Segment Start: Input
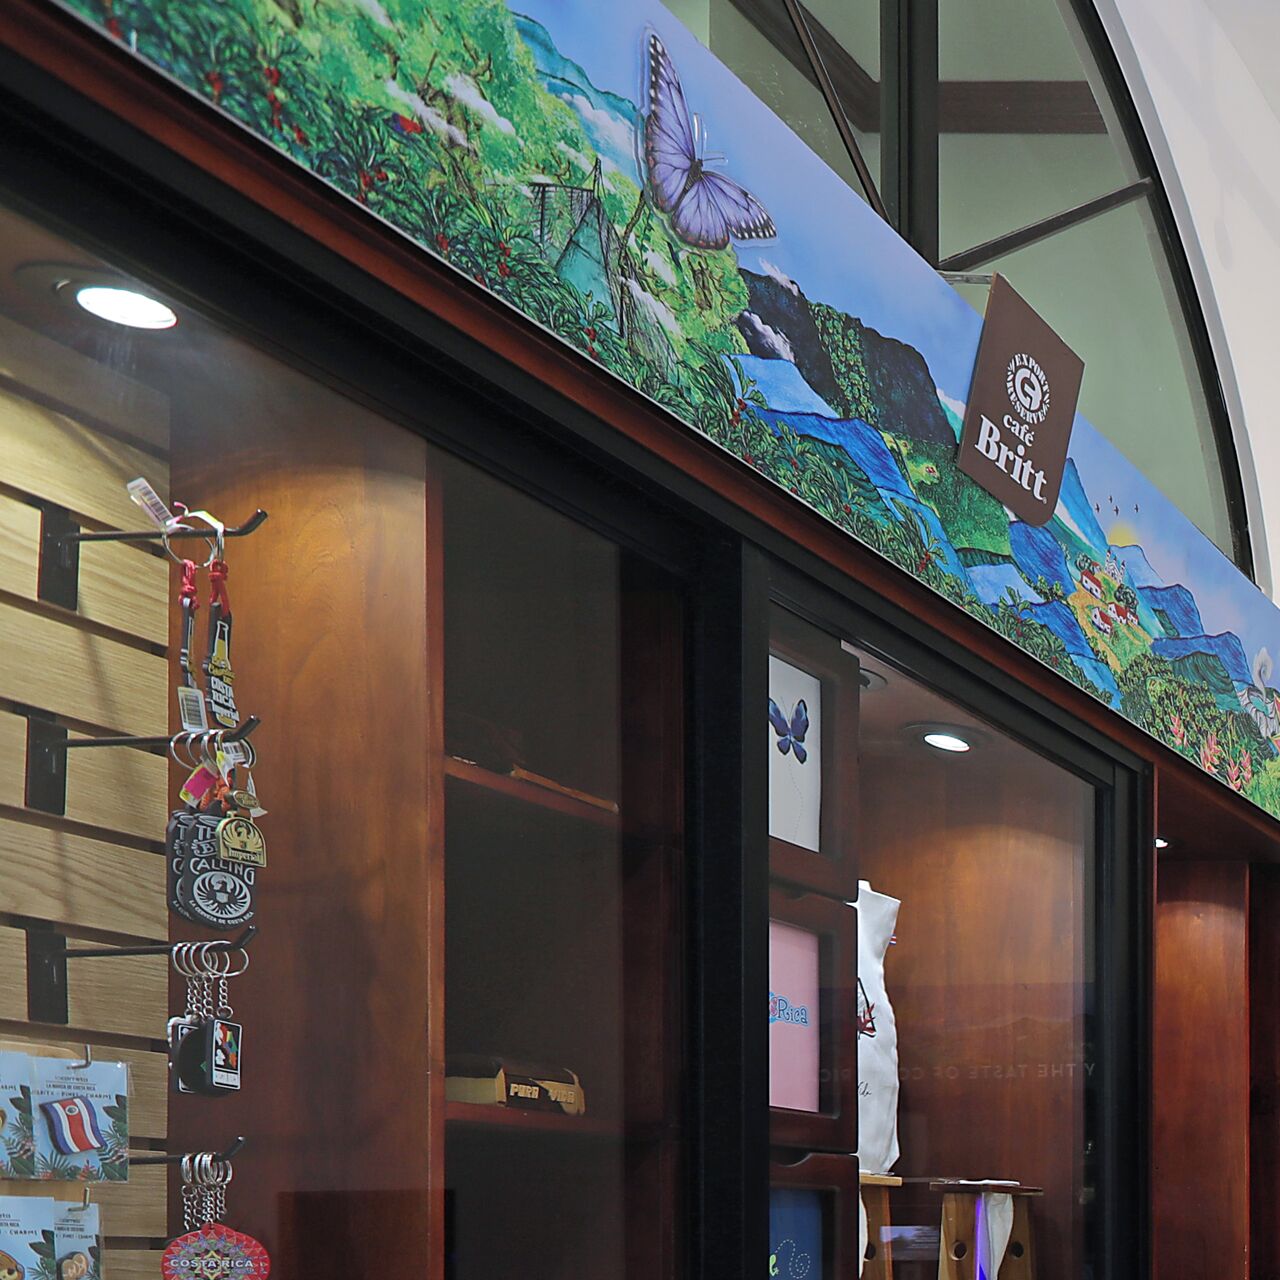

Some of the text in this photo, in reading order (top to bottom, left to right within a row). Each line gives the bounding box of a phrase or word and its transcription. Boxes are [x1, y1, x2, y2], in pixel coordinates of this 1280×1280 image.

[1002, 414, 1034, 447] café
[974, 414, 1047, 502] Britt
[190, 857, 255, 885] CALLING
[777, 997, 809, 1025] Rica
[170, 1259, 254, 1268] COSTA RICA
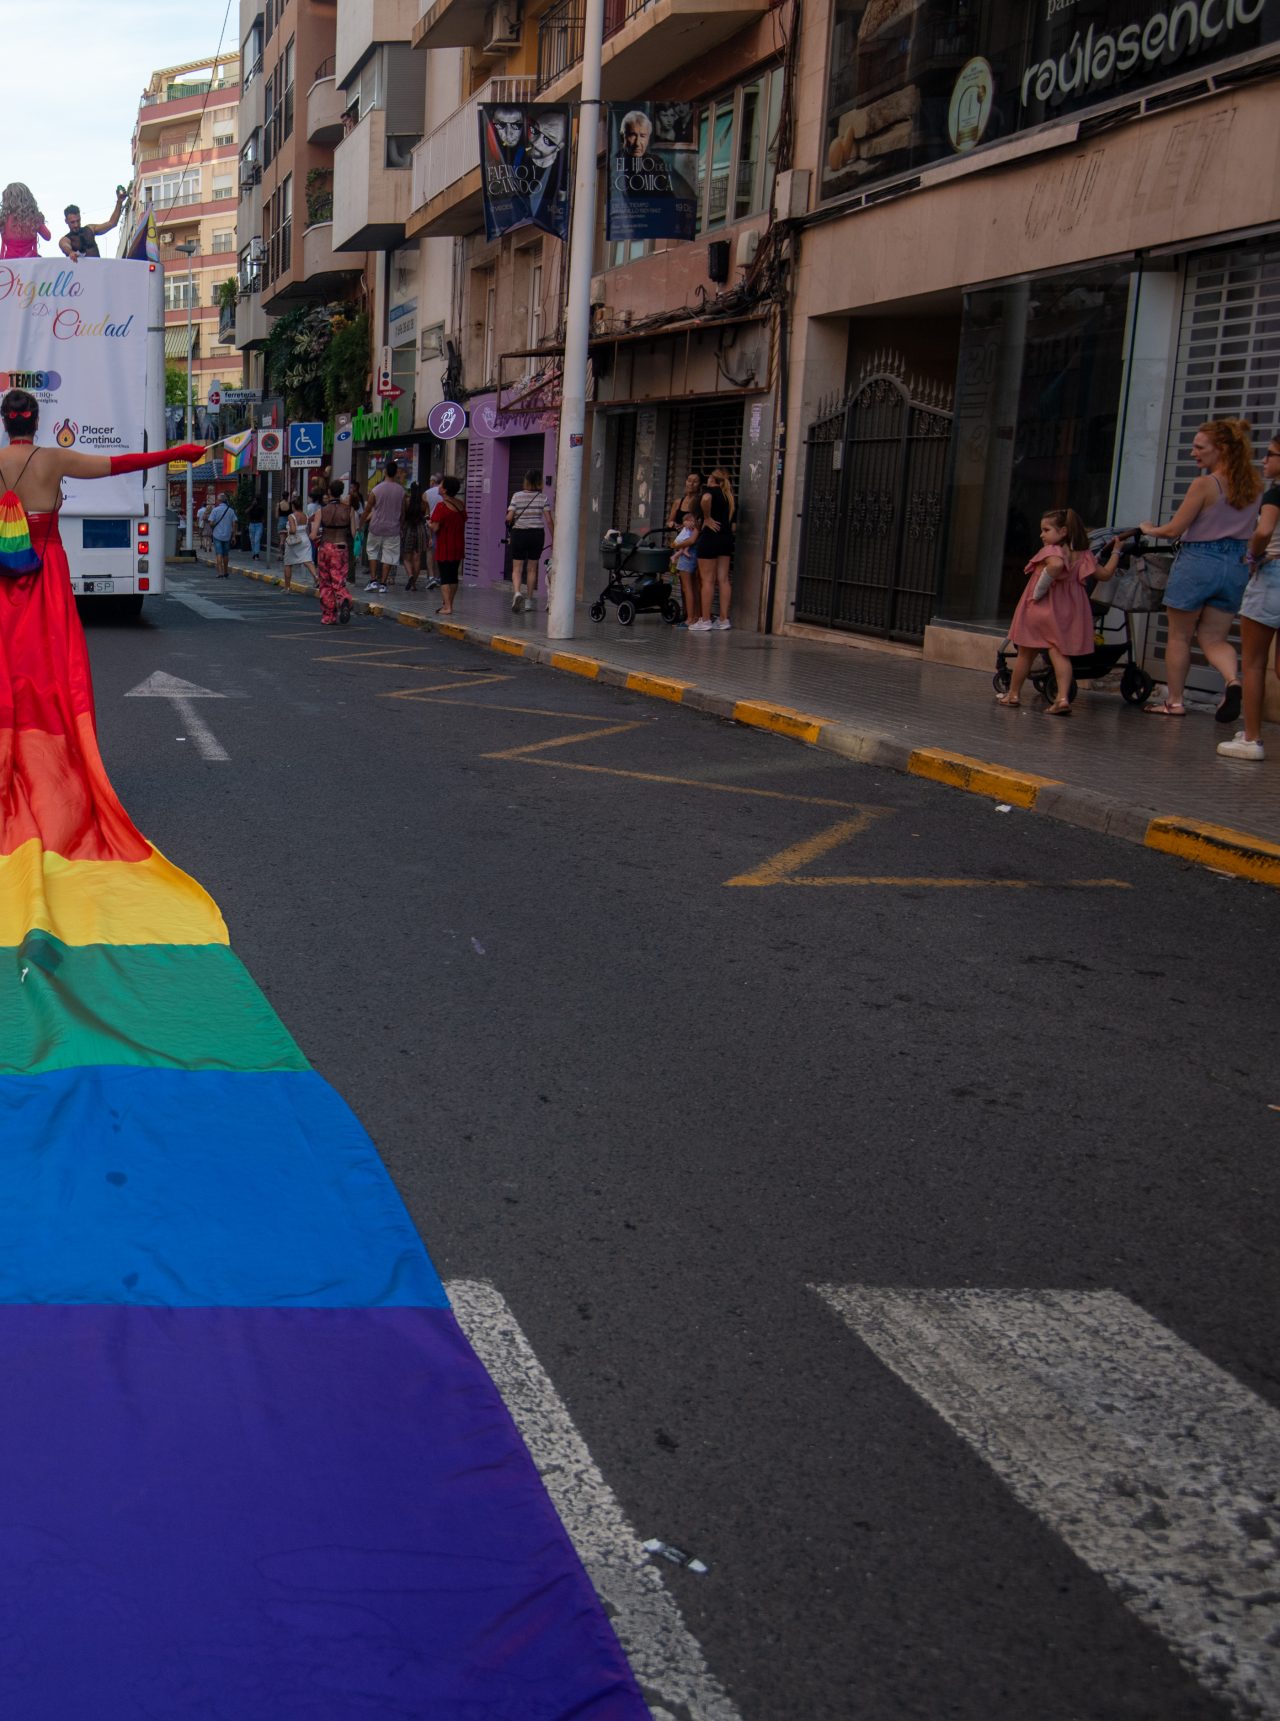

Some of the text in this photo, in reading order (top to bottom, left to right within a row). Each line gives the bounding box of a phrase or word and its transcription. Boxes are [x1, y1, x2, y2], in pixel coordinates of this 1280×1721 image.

[616, 157, 629, 172] EL
[52, 309, 134, 341] Ciudad
[8, 373, 45, 389] TEMIS
[81, 425, 114, 435] Placer
[79, 435, 121, 444] Continuo
Segment End: Input
[Task instructions]
Copy out all the data exactly. No images belong in the copy.

[Exercise output]
Some of the text in this photo, in reading order (top to bottom, left to right within a row). Each line gives the bounding box of a phrase or word and its transcription. Boxes are [x1, y1, x2, y2], in pixel coordinates of this 1280×1280 image.

[1002, 414, 1034, 447] café
[974, 414, 1047, 502] Britt
[190, 857, 255, 885] CALLING
[777, 997, 809, 1025] Rica
[170, 1259, 254, 1268] COSTA RICA

Some of the text in this photo, in reading order (top to bottom, left to right within a row). Each line gives the bounding box of a phrase or word and its transcription. Boxes are [x1, y1, x2, y2], in pixel coordinates of this 1280×1721 image.

[616, 157, 629, 172] EL
[52, 309, 134, 341] Ciudad
[8, 373, 45, 389] TEMIS
[81, 425, 114, 435] Placer
[79, 435, 121, 444] Continuo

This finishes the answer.